Saved entries:
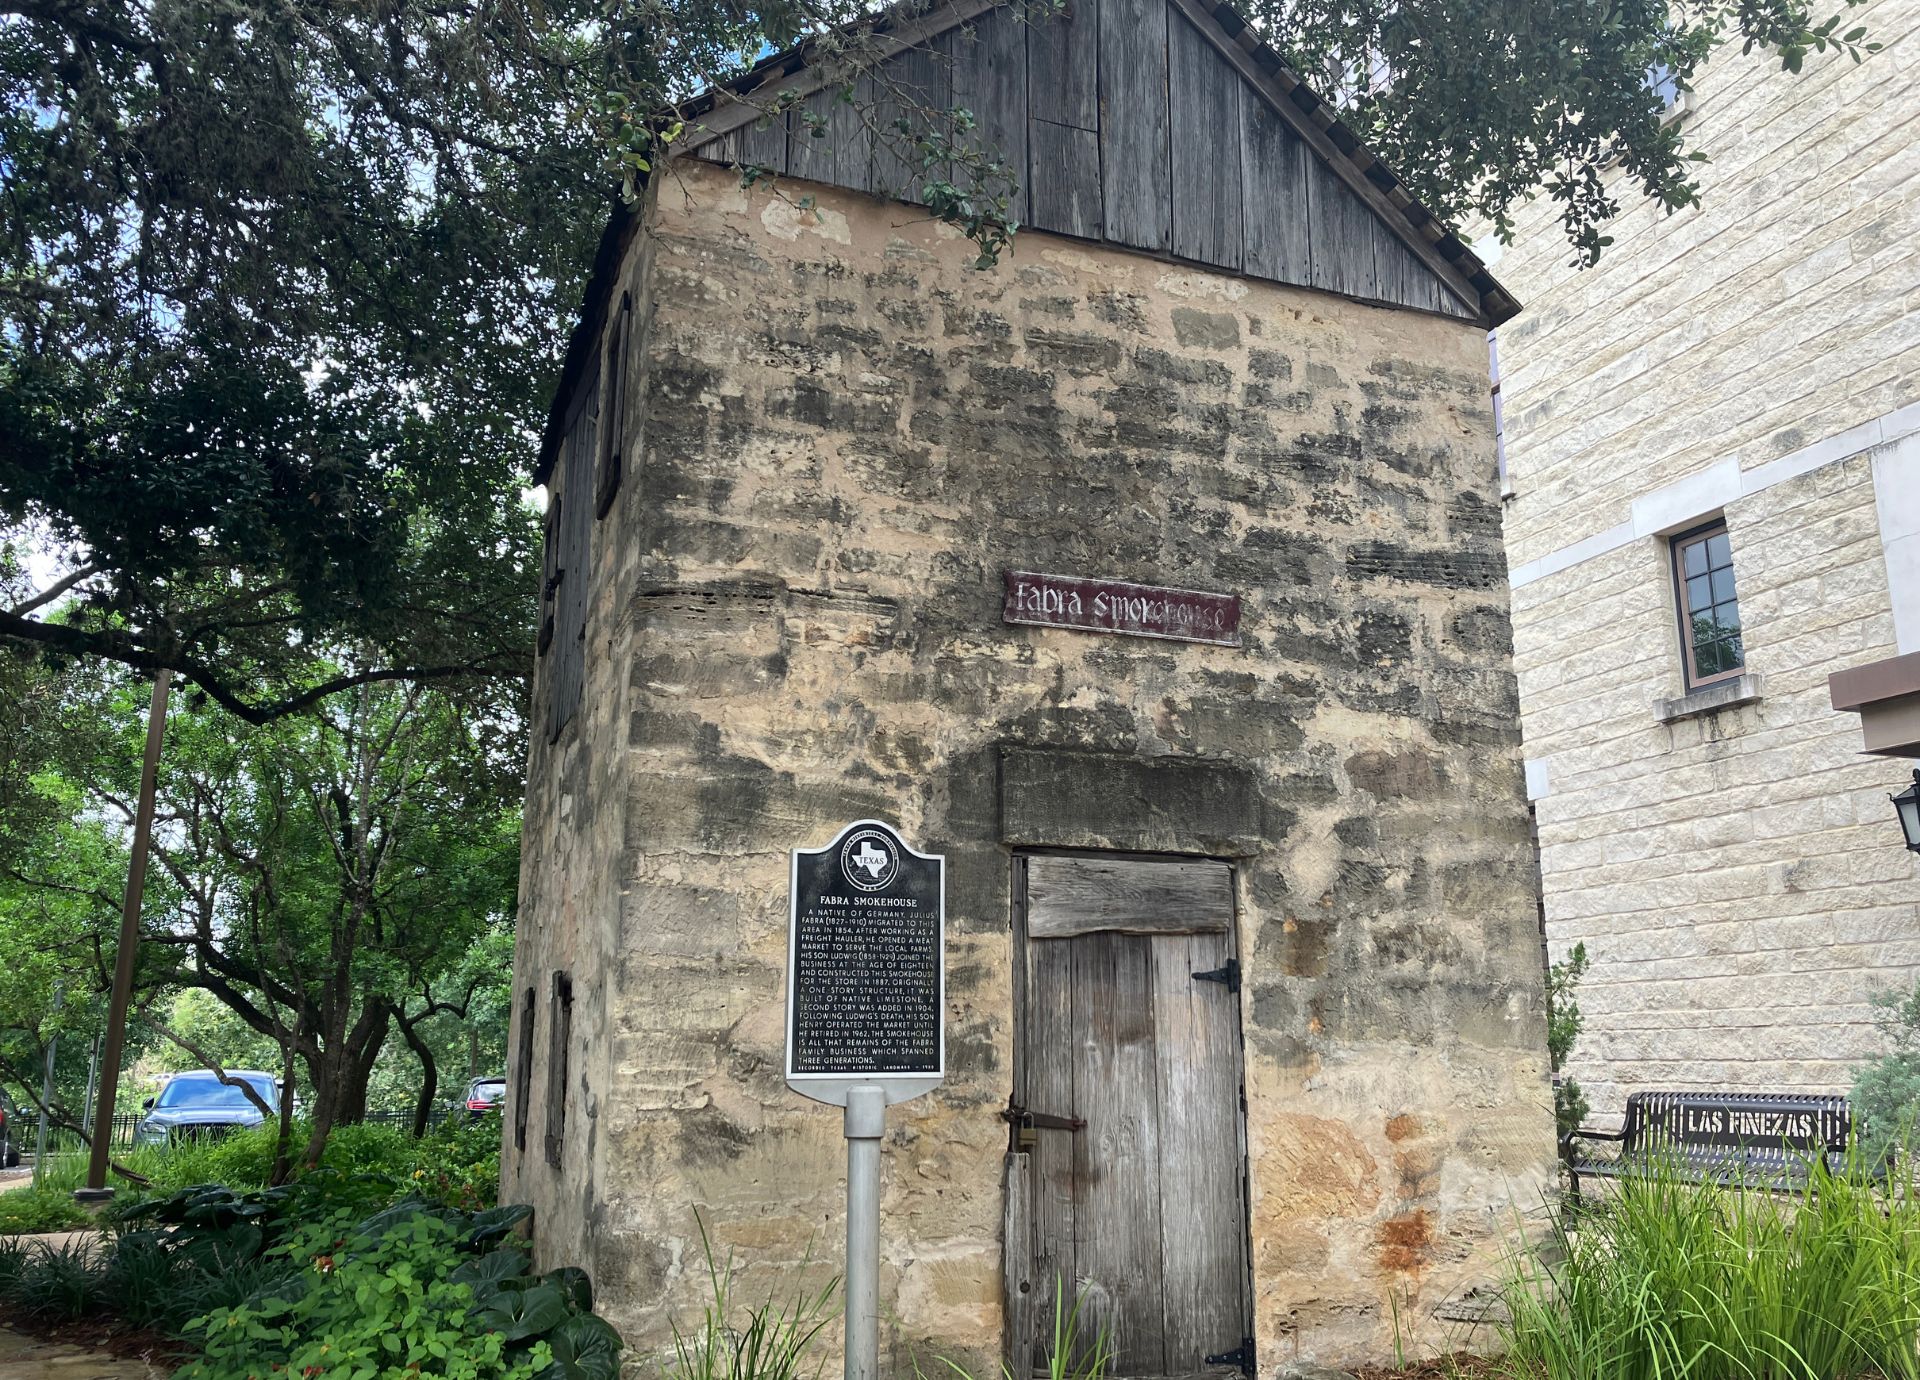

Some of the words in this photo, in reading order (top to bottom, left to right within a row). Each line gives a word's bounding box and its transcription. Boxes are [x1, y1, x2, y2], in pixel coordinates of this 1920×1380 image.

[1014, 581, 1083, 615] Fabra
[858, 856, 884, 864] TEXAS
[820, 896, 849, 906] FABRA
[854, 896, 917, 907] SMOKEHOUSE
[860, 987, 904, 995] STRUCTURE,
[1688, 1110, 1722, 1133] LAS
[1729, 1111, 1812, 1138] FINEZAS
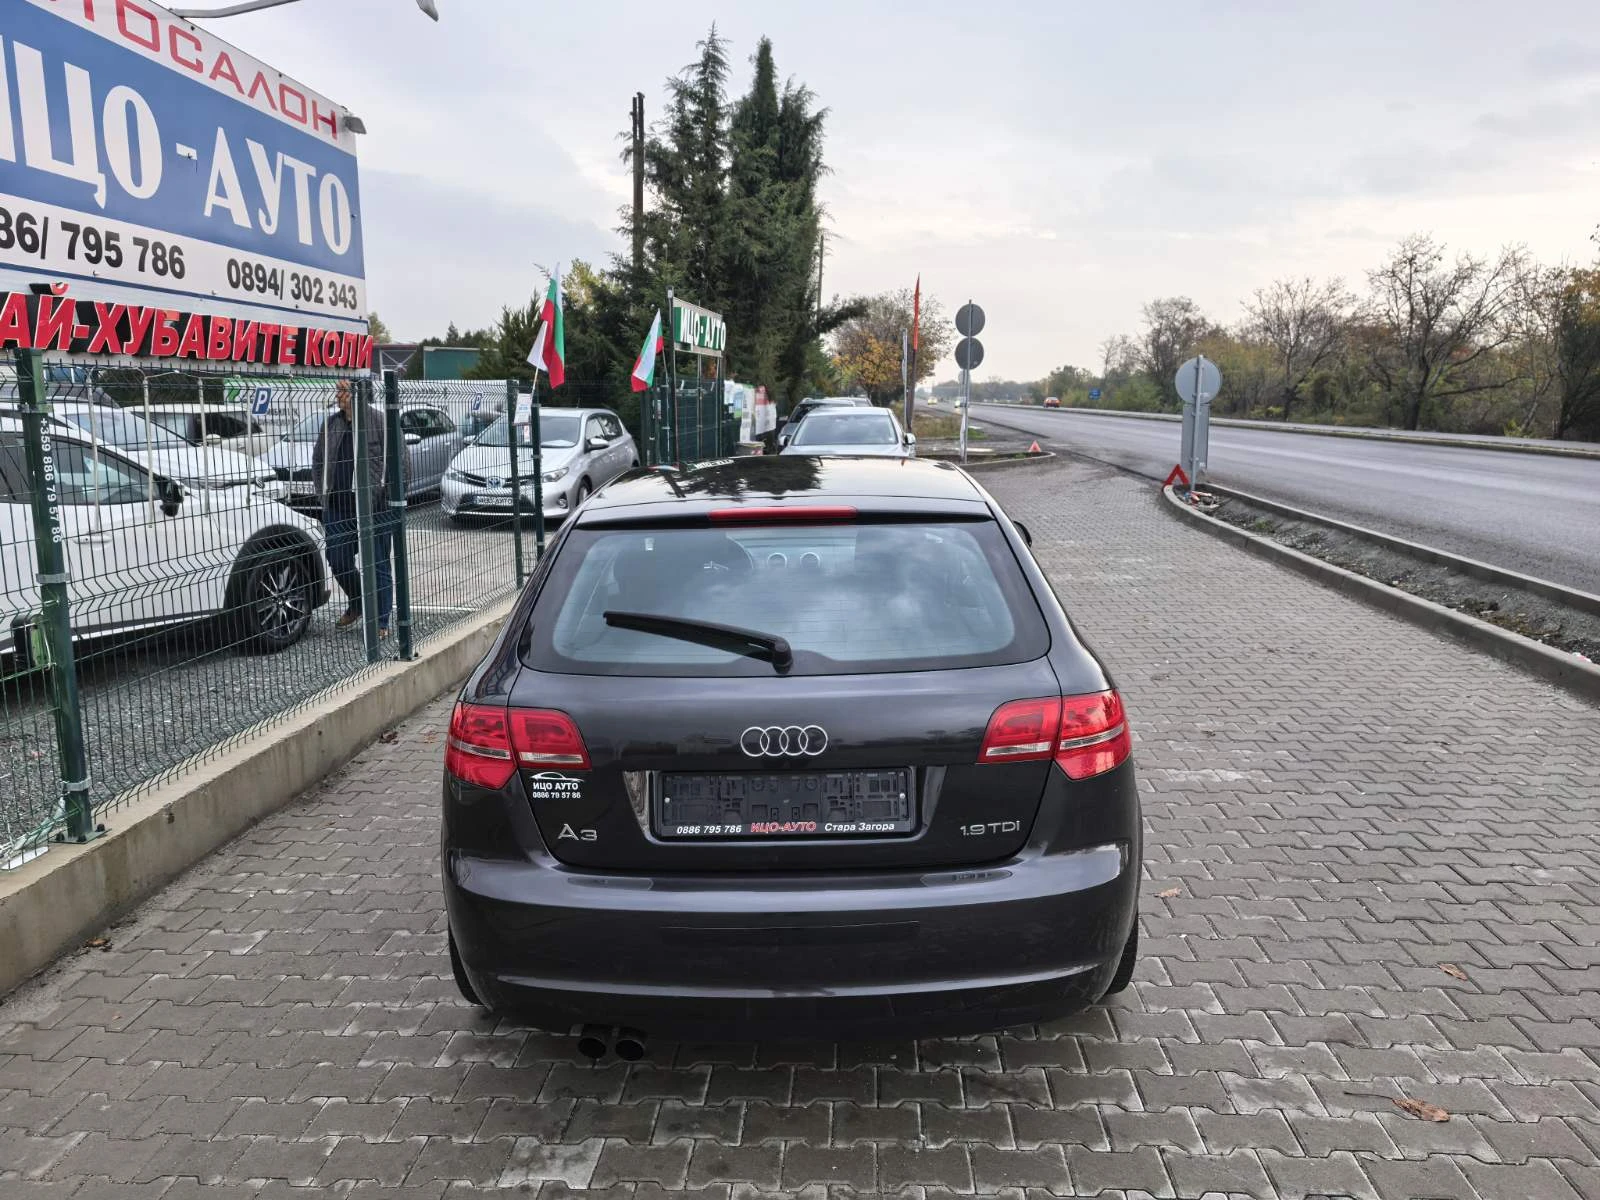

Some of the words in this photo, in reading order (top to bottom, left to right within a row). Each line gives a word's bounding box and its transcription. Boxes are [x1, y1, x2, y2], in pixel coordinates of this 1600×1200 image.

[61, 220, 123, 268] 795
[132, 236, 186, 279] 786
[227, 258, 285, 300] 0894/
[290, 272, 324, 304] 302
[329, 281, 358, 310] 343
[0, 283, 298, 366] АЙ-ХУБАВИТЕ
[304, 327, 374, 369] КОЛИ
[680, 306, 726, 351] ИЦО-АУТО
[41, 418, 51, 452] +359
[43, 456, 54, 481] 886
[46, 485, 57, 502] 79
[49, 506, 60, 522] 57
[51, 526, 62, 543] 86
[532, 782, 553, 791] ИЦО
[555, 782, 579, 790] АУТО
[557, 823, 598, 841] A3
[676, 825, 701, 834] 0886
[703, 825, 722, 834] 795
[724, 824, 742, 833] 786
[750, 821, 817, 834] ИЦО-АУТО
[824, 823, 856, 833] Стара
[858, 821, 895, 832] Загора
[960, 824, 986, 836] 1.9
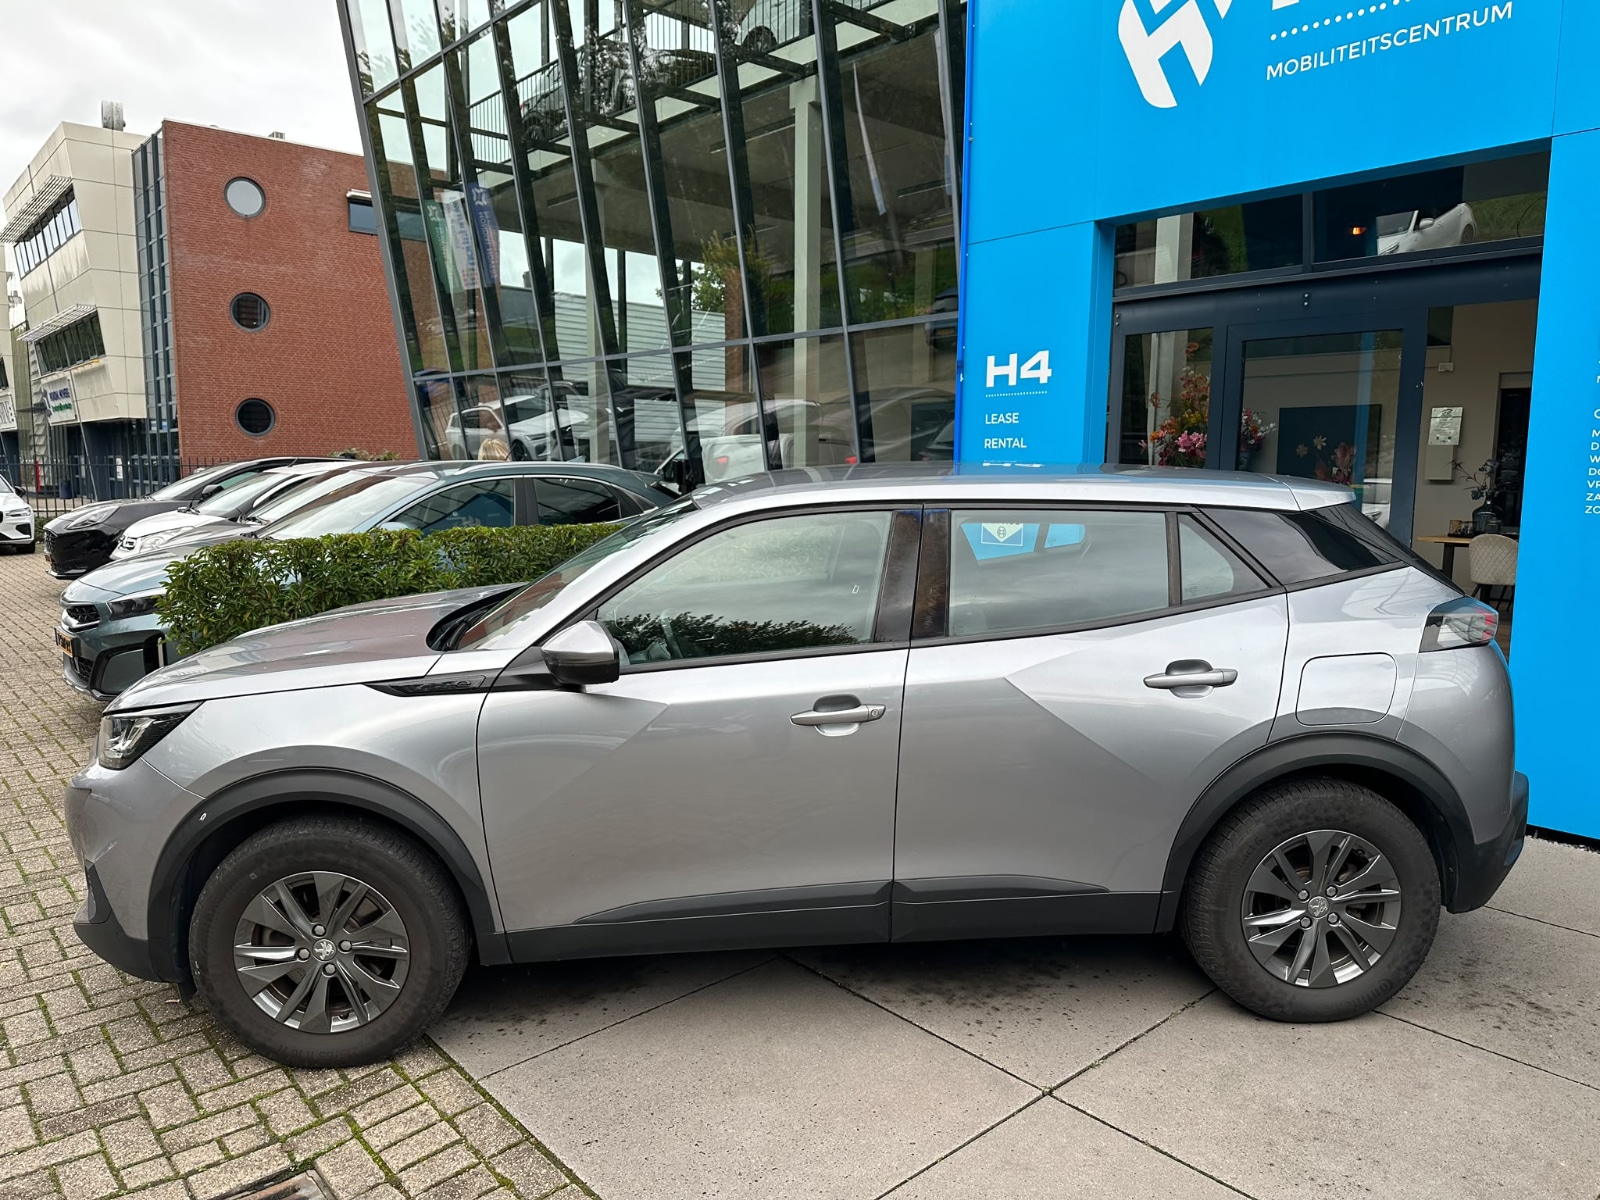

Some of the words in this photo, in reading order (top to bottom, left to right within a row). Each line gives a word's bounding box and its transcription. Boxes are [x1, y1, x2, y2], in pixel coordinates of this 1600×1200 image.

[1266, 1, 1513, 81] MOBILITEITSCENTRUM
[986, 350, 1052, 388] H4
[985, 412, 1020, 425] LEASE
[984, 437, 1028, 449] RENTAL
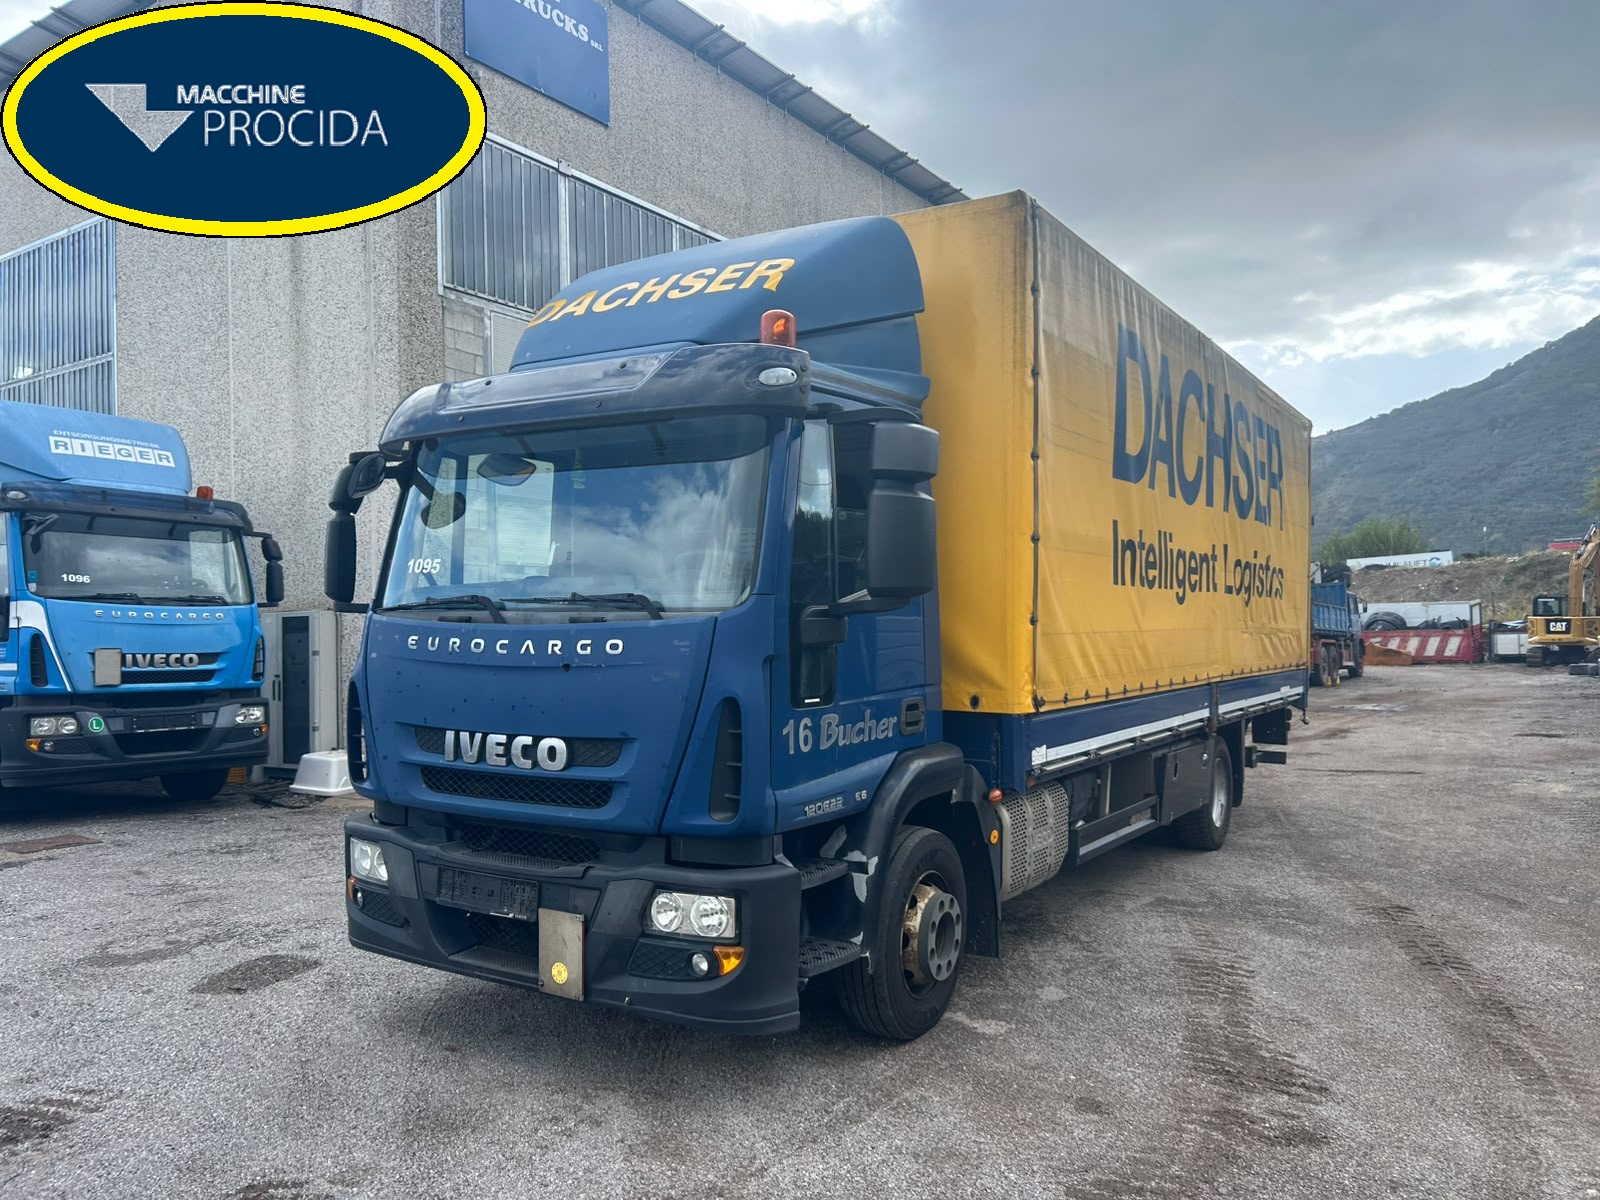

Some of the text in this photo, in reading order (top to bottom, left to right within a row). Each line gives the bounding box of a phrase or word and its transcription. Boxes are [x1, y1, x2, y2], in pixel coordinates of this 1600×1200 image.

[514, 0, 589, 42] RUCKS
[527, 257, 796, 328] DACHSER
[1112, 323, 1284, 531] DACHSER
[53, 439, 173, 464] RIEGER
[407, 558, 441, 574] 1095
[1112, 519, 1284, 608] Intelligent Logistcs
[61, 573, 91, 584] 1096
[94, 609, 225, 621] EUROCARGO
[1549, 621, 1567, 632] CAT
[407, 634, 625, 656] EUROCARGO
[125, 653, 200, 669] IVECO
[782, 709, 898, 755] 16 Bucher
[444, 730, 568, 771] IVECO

» **WORK ITEM**
All of the entries must be reproduced exactly, with no pictures kept.

» **REPLY**
Some of the words in this photo, in reading order (top to bottom, left to right within a row). Each line gives a word's bounding box and its transcription. Boxes are [x1, y1, x2, y2], in pixel coordinates of this 1920×1380 image.

[1014, 581, 1083, 615] Fabra
[858, 856, 884, 864] TEXAS
[820, 896, 849, 906] FABRA
[854, 896, 917, 907] SMOKEHOUSE
[860, 987, 904, 995] STRUCTURE,
[1688, 1110, 1722, 1133] LAS
[1729, 1111, 1812, 1138] FINEZAS

Some of the words in this photo, in reading order (top to bottom, left to right within a row). Each line gives a word's bounding box and its transcription. Boxes are [x1, y1, x2, y2], in pixel coordinates of this 1600×1200 image.

[61, 220, 123, 268] 795
[132, 236, 186, 279] 786
[227, 258, 285, 300] 0894/
[290, 272, 324, 304] 302
[329, 281, 358, 310] 343
[0, 283, 298, 366] АЙ-ХУБАВИТЕ
[304, 327, 374, 369] КОЛИ
[680, 306, 726, 351] ИЦО-АУТО
[41, 418, 51, 452] +359
[43, 456, 54, 481] 886
[46, 485, 57, 502] 79
[49, 506, 60, 522] 57
[51, 526, 62, 543] 86
[532, 782, 553, 791] ИЦО
[555, 782, 579, 790] АУТО
[557, 823, 598, 841] A3
[676, 825, 701, 834] 0886
[703, 825, 722, 834] 795
[724, 824, 742, 833] 786
[750, 821, 817, 834] ИЦО-АУТО
[824, 823, 856, 833] Стара
[858, 821, 895, 832] Загора
[960, 824, 986, 836] 1.9

Some of the words in this photo, in reading order (top to bottom, left to right within a row). Each line gives a word's bounding box and its transcription. Boxes are [x1, y1, x2, y2], in pixel coordinates of this 1600×1200 image.

[1266, 1, 1513, 81] MOBILITEITSCENTRUM
[986, 350, 1052, 388] H4
[985, 412, 1020, 425] LEASE
[984, 437, 1028, 449] RENTAL

Some of the text in this photo, in reading order (top to bottom, left to right within a row). Each line gives the bounding box of a phrase or word and its transcription. Boxes are [x1, y1, x2, y2], in pixel coordinates of this 1600×1200 image.

[514, 0, 589, 42] RUCKS
[527, 257, 796, 328] DACHSER
[1112, 323, 1284, 531] DACHSER
[53, 439, 173, 464] RIEGER
[407, 558, 441, 574] 1095
[1112, 519, 1284, 608] Intelligent Logistcs
[61, 573, 91, 584] 1096
[94, 609, 225, 621] EUROCARGO
[1549, 621, 1567, 632] CAT
[407, 634, 625, 656] EUROCARGO
[125, 653, 200, 669] IVECO
[782, 709, 898, 755] 16 Bucher
[444, 730, 568, 771] IVECO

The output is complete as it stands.